Effects of Yoga on Serum cortisol and BDNF in patients with major depression.
The linked study here examined the association between serum BDNF and cortisol levels in patients with depression treated with antidepressants, yoga therapy, and both.
https://www.ncbi.nlm.nih.gov/pubmed/27174729
Neuroplasticity is a real buzz word in neuroscience at the moment and describes the way in which our brains reorganise themselves by forming new neural connections throughout life. Neuroplasticity allows the neurons (nerve cells) in the brain to compensate for injury and disease and to adjust their activities in response to new situations or to changes in their environment. Merzenich is one of the main scientists over the past 30 years who has transformed the field of neurology by overturning the dogma that our mental abilities are immutable and fixed early in life. Cognitive impairment associated with neurological maladies, such as strokes and traumatic brain injury, were once considered to be largely untreatable. Normal age-related cognitive decline was also considered to be unavoidable. But Merzenich and other researchers have shown that the brain can physically remodel itself and that the brain we are born with is not a fixed structure with a set of weaknesses and strengths at all.

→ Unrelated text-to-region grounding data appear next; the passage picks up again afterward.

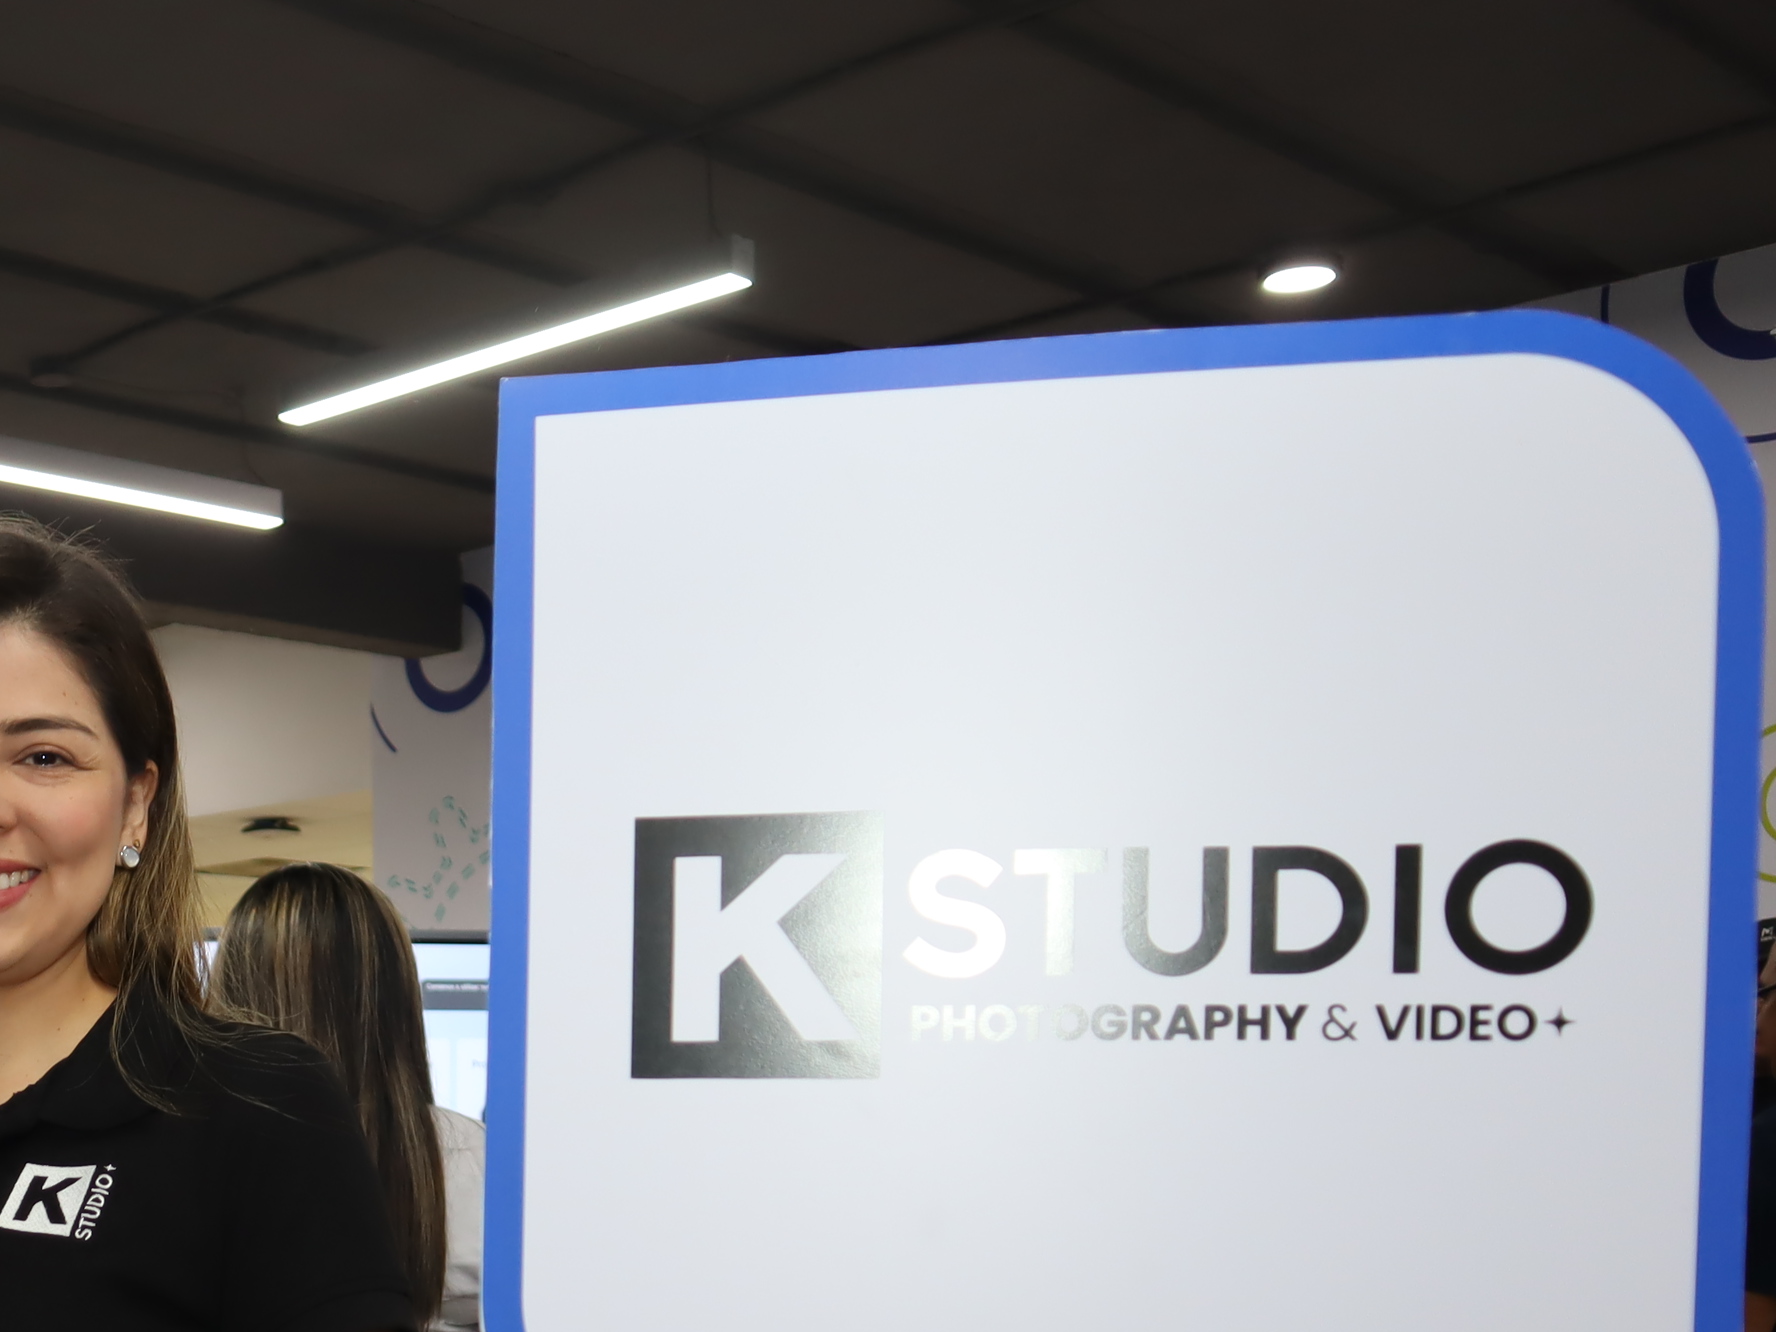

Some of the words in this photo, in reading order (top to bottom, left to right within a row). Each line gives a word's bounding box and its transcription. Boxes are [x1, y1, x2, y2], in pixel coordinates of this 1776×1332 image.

[670, 853, 861, 1042] K
[902, 838, 1594, 979] STUDIO
[911, 1002, 1309, 1042] PHOTOGRAPHY
[1322, 1002, 1359, 1042] &
[1375, 1002, 1538, 1042] VIDEO
[74, 1173, 114, 1241] STUDIO
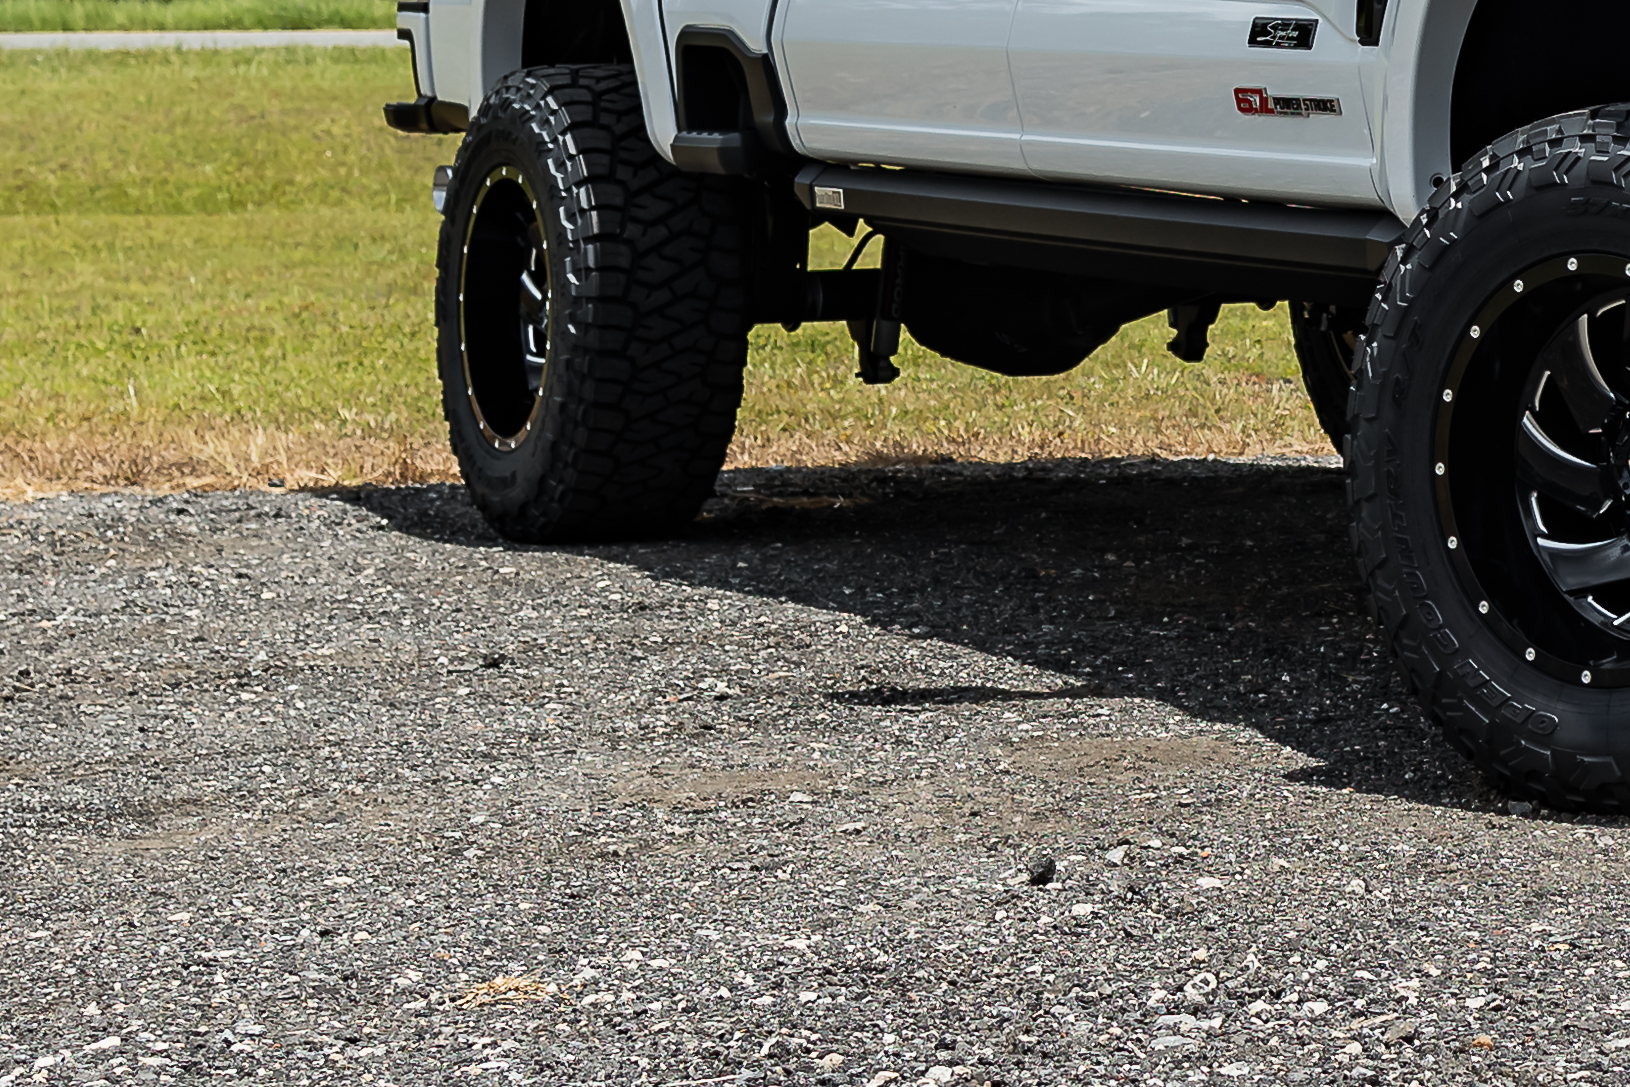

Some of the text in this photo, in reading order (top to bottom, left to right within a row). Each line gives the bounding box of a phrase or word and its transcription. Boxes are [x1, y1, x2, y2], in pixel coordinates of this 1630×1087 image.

[1274, 97, 1302, 112] POWER
[1303, 98, 1337, 113] STROKE
[1380, 428, 1460, 656] COUNTRY
[1453, 657, 1559, 736] OPEN
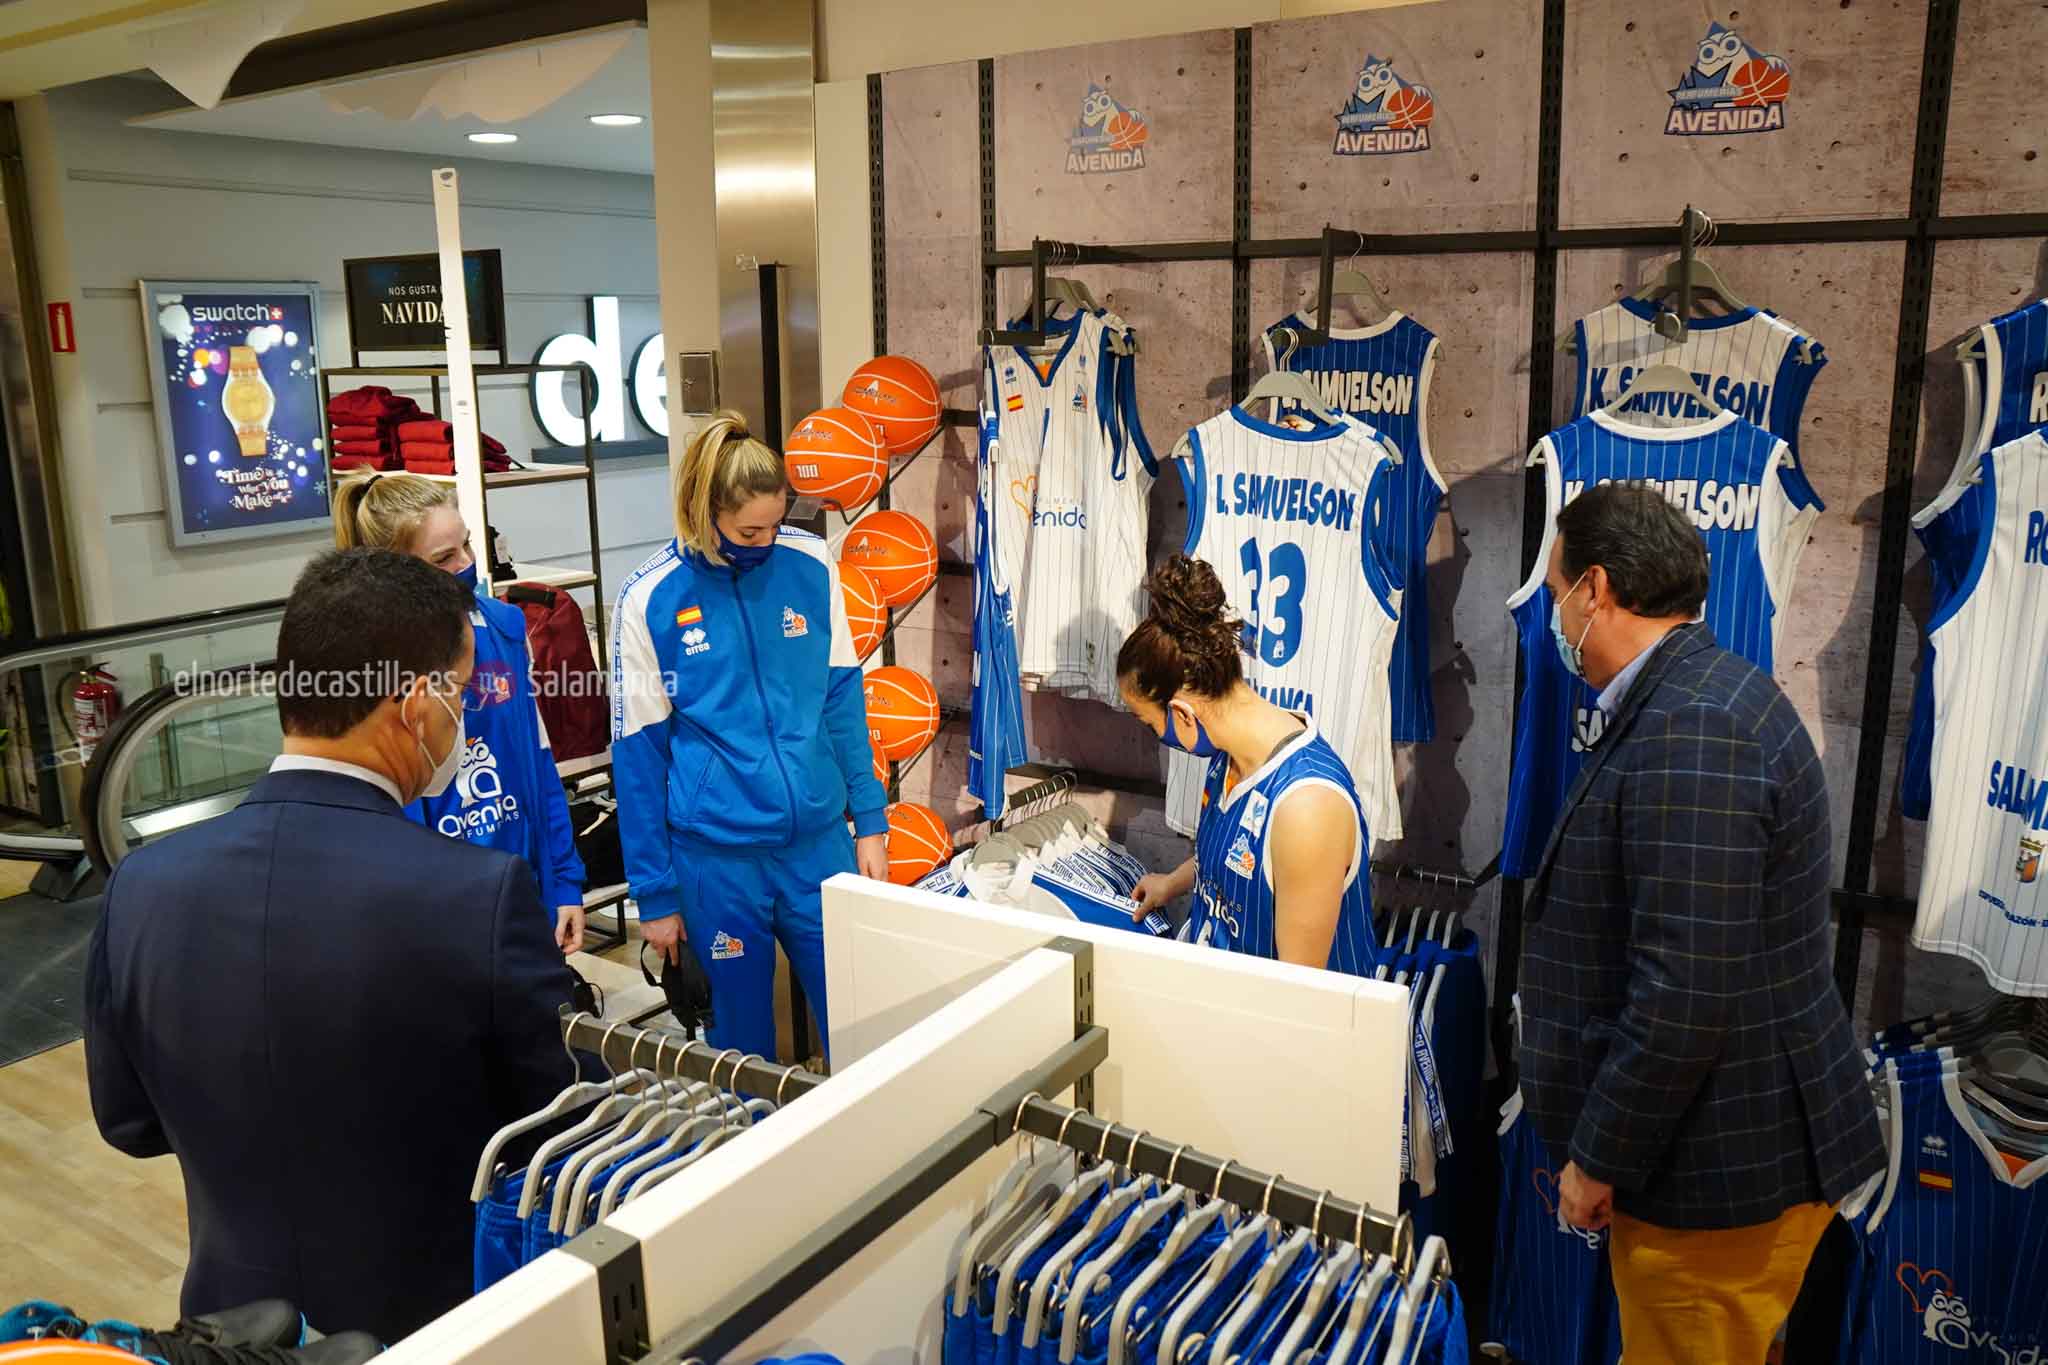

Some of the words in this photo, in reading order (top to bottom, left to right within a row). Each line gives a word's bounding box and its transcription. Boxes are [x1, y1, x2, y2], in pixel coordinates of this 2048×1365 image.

[1673, 103, 1781, 132] AVENIDA
[1335, 127, 1430, 153] AVENIDA
[1066, 147, 1144, 172] AVENIDA
[388, 286, 407, 296] NOS
[408, 284, 437, 295] GUSTA
[192, 304, 270, 321] swatch
[1216, 474, 1229, 516] L.
[1233, 472, 1356, 531] SAMUELSON

Depression is associated with both low serum Brain Derived Neurotrophic Factor (BDNF) and elevated levels of serum cortisol. The linked study here examined the association between serum BDNF and cortisol levels in patients with depression treated with antidepressants, yoga therapy, and both. 54 people diagnosed with depression took part in the study receiving anti-depressants only, yoga therapy only, or yoga with antidepressants. Both BDNF and cortisol levels were measured before the intervention and three months subsequently. A significant negative correlation was observed between change in BDNF (pre-post) and cortisol (pre-post) levels in the yoga-only group. The author concluded that yoga may facilitate neuroplasticity through stress reduction in depressed patients. Further studies are needed, however. to confirm these findings and to delineate the pathways for these effects.